**Material to process**

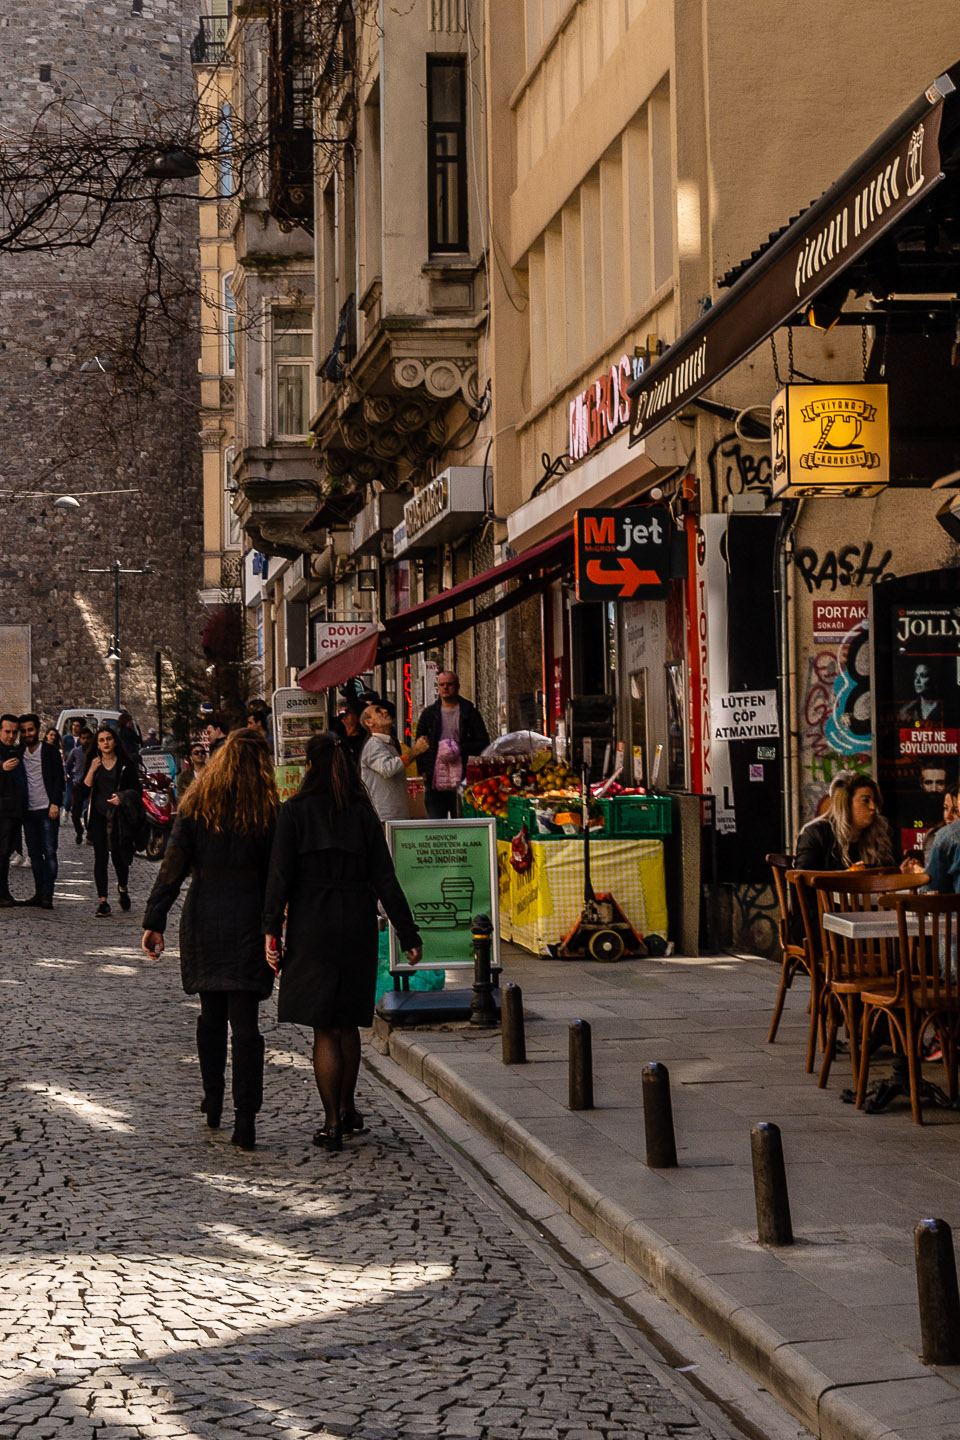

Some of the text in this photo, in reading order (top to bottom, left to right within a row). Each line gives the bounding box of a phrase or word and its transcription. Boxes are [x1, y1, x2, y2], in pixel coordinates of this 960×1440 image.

[819, 400, 857, 410] VİYANA
[819, 454, 860, 465] KAHVESİ
[816, 606, 868, 619] PORTAK
[328, 624, 367, 636] DÖVİZ
[816, 621, 845, 629] SOKAĞI
[286, 698, 318, 709] gazete
[721, 695, 766, 708] LÜTFEN
[733, 709, 756, 725] ÇÖP
[715, 724, 778, 738] ATMAYINIZ
[911, 731, 947, 742] EVET NE
[900, 741, 958, 754] SÖYLÜYODUK
[913, 820, 924, 828] 20
[416, 857, 433, 865] %40
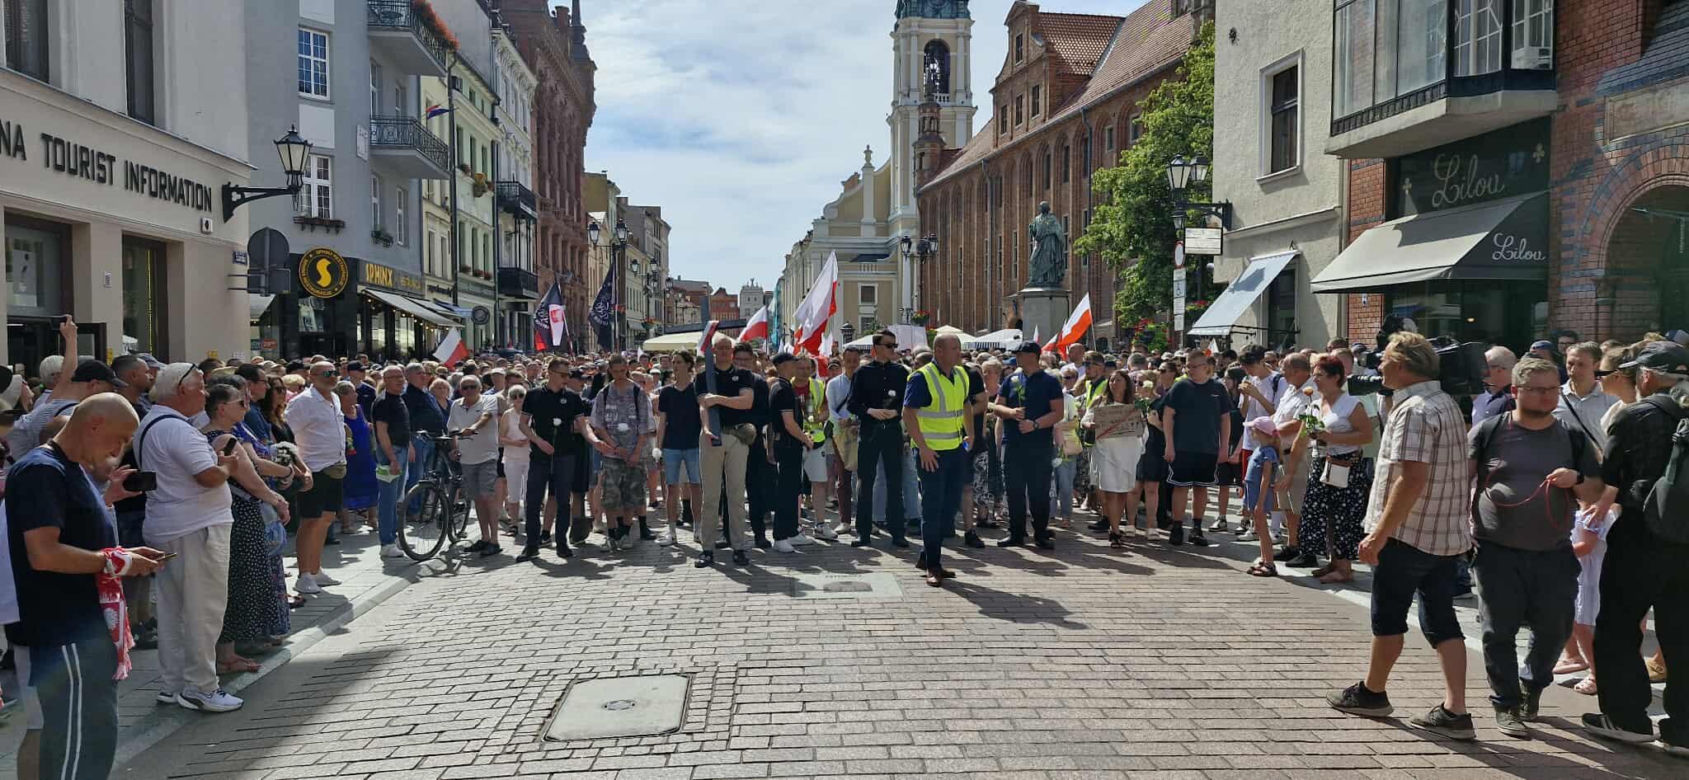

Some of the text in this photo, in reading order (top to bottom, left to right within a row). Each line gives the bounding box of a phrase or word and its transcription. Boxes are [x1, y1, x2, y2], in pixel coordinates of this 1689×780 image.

[40, 132, 116, 186] TOURIST
[124, 160, 212, 212] INFORMATION
[1432, 153, 1505, 208] Lilou
[1492, 232, 1546, 261] Lilou
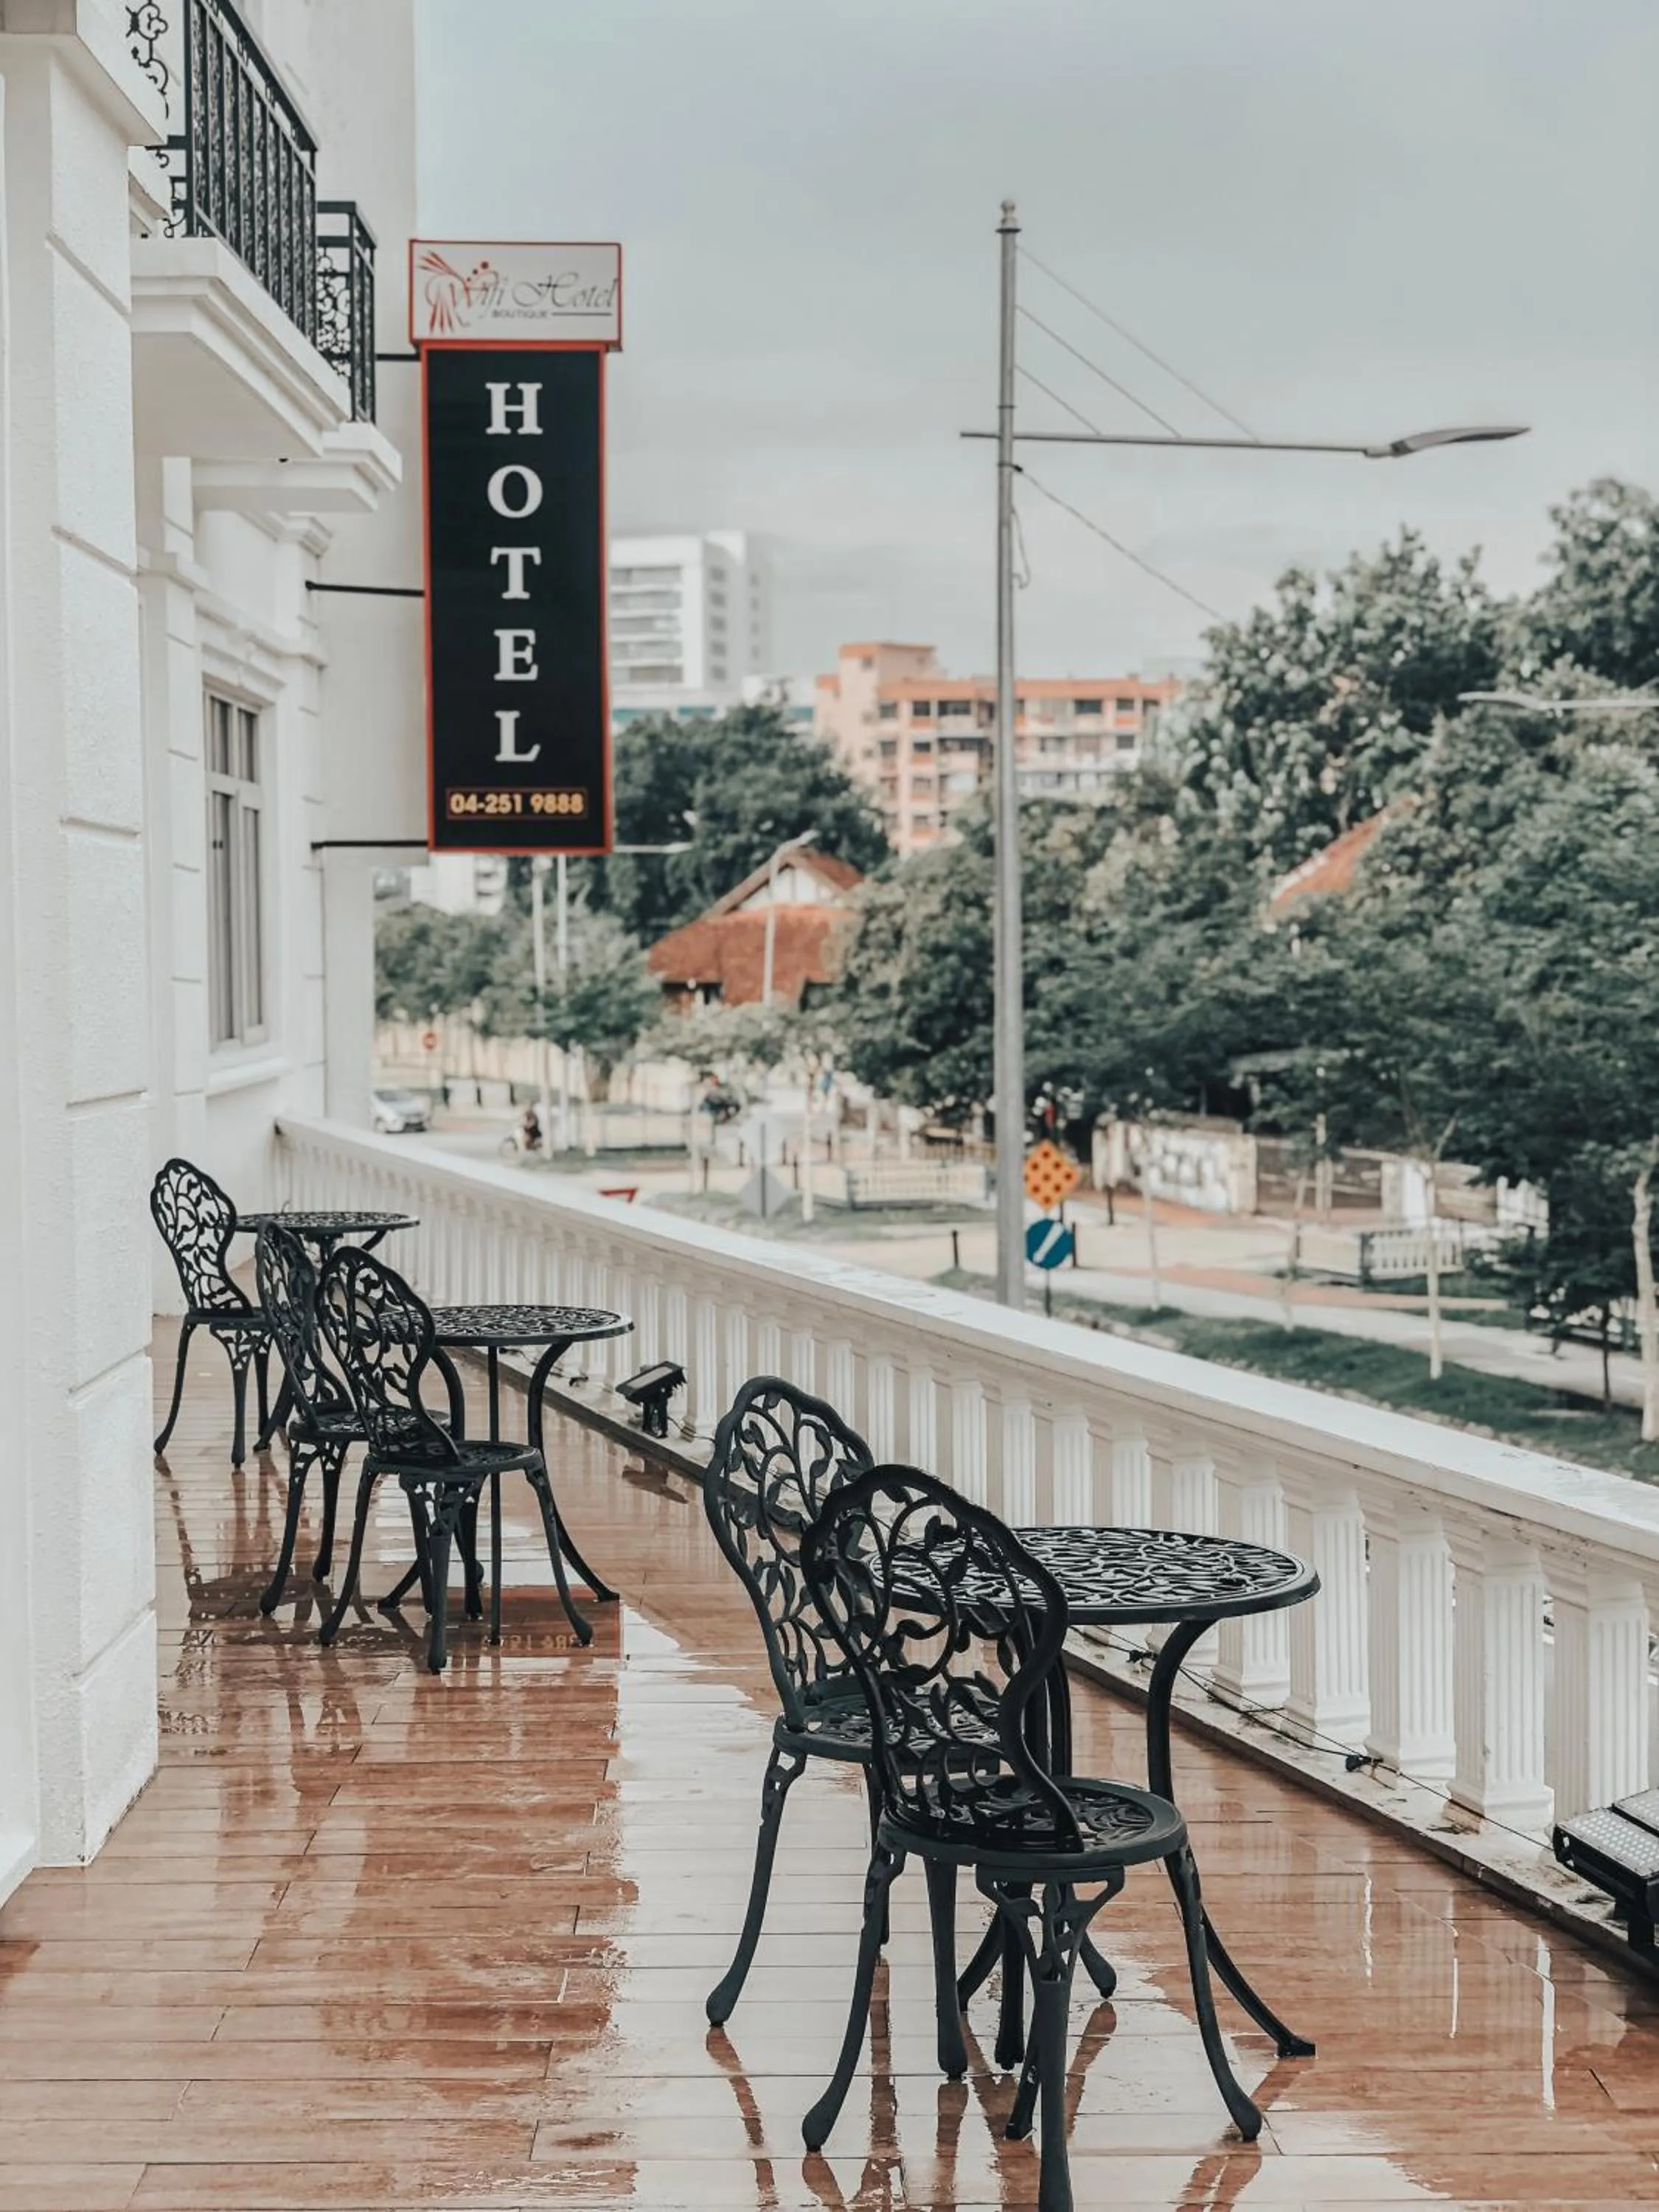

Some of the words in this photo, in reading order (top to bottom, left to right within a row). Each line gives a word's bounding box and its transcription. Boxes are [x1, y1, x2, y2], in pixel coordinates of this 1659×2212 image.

**Problem statement**
Quote every entry exactly, with the pictures omitted.

**Task result**
Some of the text in this photo, in reading order (top to bottom, left to right within a row). Each line gives the bounding box of a phrase or word and its transcription. Boxes are [x1, y1, x2, y2], in pixel coordinates of this 960×1440 image.

[819, 400, 857, 410] VİYANA
[819, 454, 860, 465] KAHVESİ
[816, 606, 868, 619] PORTAK
[328, 624, 367, 636] DÖVİZ
[816, 621, 845, 629] SOKAĞI
[286, 698, 318, 709] gazete
[721, 695, 766, 708] LÜTFEN
[733, 709, 756, 725] ÇÖP
[715, 724, 778, 738] ATMAYINIZ
[911, 731, 947, 742] EVET NE
[900, 741, 958, 754] SÖYLÜYODUK
[913, 820, 924, 828] 20
[416, 857, 433, 865] %40

Some of the text in this photo, in reading order (top to bottom, left to right within a row). Each line gives the bounding box of a phrase or word and its transcription. Boxes are [x1, y1, x2, y2], in pixel coordinates of this 1689×780 image.

[40, 132, 116, 186] TOURIST
[124, 160, 212, 212] INFORMATION
[1432, 153, 1505, 208] Lilou
[1492, 232, 1546, 261] Lilou

Some of the words in this photo, in reading order (top to bottom, left to right within a row). Each line gives a word's bounding box and its transcription. Boxes are [x1, y1, x2, y2], in pixel coordinates of this 1659×2212 image.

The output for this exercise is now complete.